Equal Protection -- this resolution would state that the Supreme Court should overrule one of its decisions holding that a government action or law did not violate the equal protection clause of the 14th amendment. Cases would include: Washington v. Davis (held that policy with disparate impact on blacks was not unconstitutional without evidence of discriminatory intent), Gratz (affirmative action), Shaw v. Reno (racial gerrymandering), Milliken v. Bradley (school desegregation), Palmer v. Thompson (holding that city's decision to close all public swimming pools rather than integrate them did not violate the Equal Protection Clause because the city closed all swimming pools "equally")

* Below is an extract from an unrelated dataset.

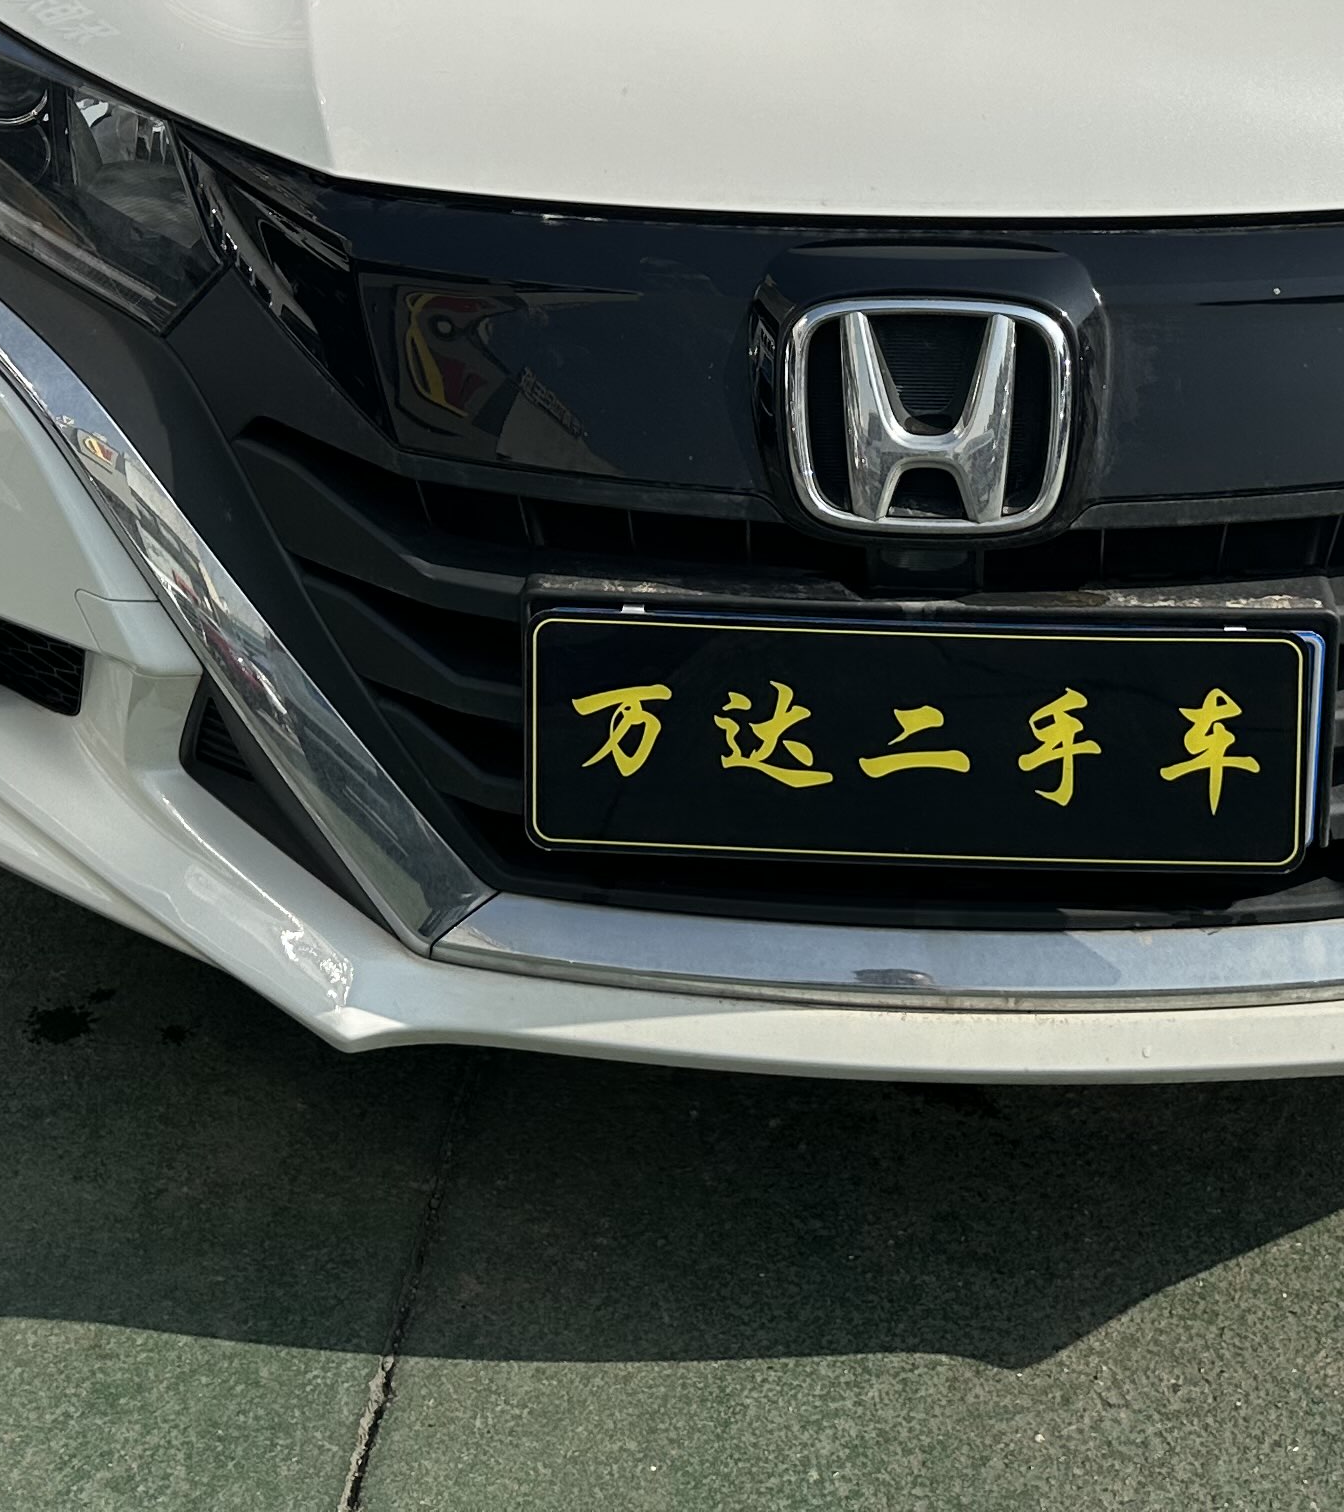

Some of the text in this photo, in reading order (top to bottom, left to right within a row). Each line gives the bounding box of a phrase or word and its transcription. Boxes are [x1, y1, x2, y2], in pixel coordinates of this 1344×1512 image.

[572, 681, 1260, 816] 万达二手车

First Amendment -- this resolution would state that the Supreme Court should overrule one of its decisions holding that a government action or law did not violate the First Amendment. Cases would include: US v. American Library Association (law conditioning federal funding to libraries on their use of filtering technology to filter out obscene internet content was constitutional), FAIR v. Rumsfeld (forcing schools to allow military recruiting did not violate schools' right of expressive association), Employment Division, Department of Human Resources of Oregon v. Smith (free exercise of religion case holding that a facially neutral law that infringes on certain people's religious expression is constitutional - the case held that a drug law was ok despite adversely affecting peyote-consuming Indians), NEA v. Finley (held that language requiring the Chairperson of the National Endowment for the Arts to ensure that "artistic excellence and artistic merit are the criteria by which applications are judged, taking into consideration general standards of decency and respect for the diverse beliefs and values of the American public," did not violate the First Amendment), Zelman (school voucher program doesn't violate Establishment Clause), .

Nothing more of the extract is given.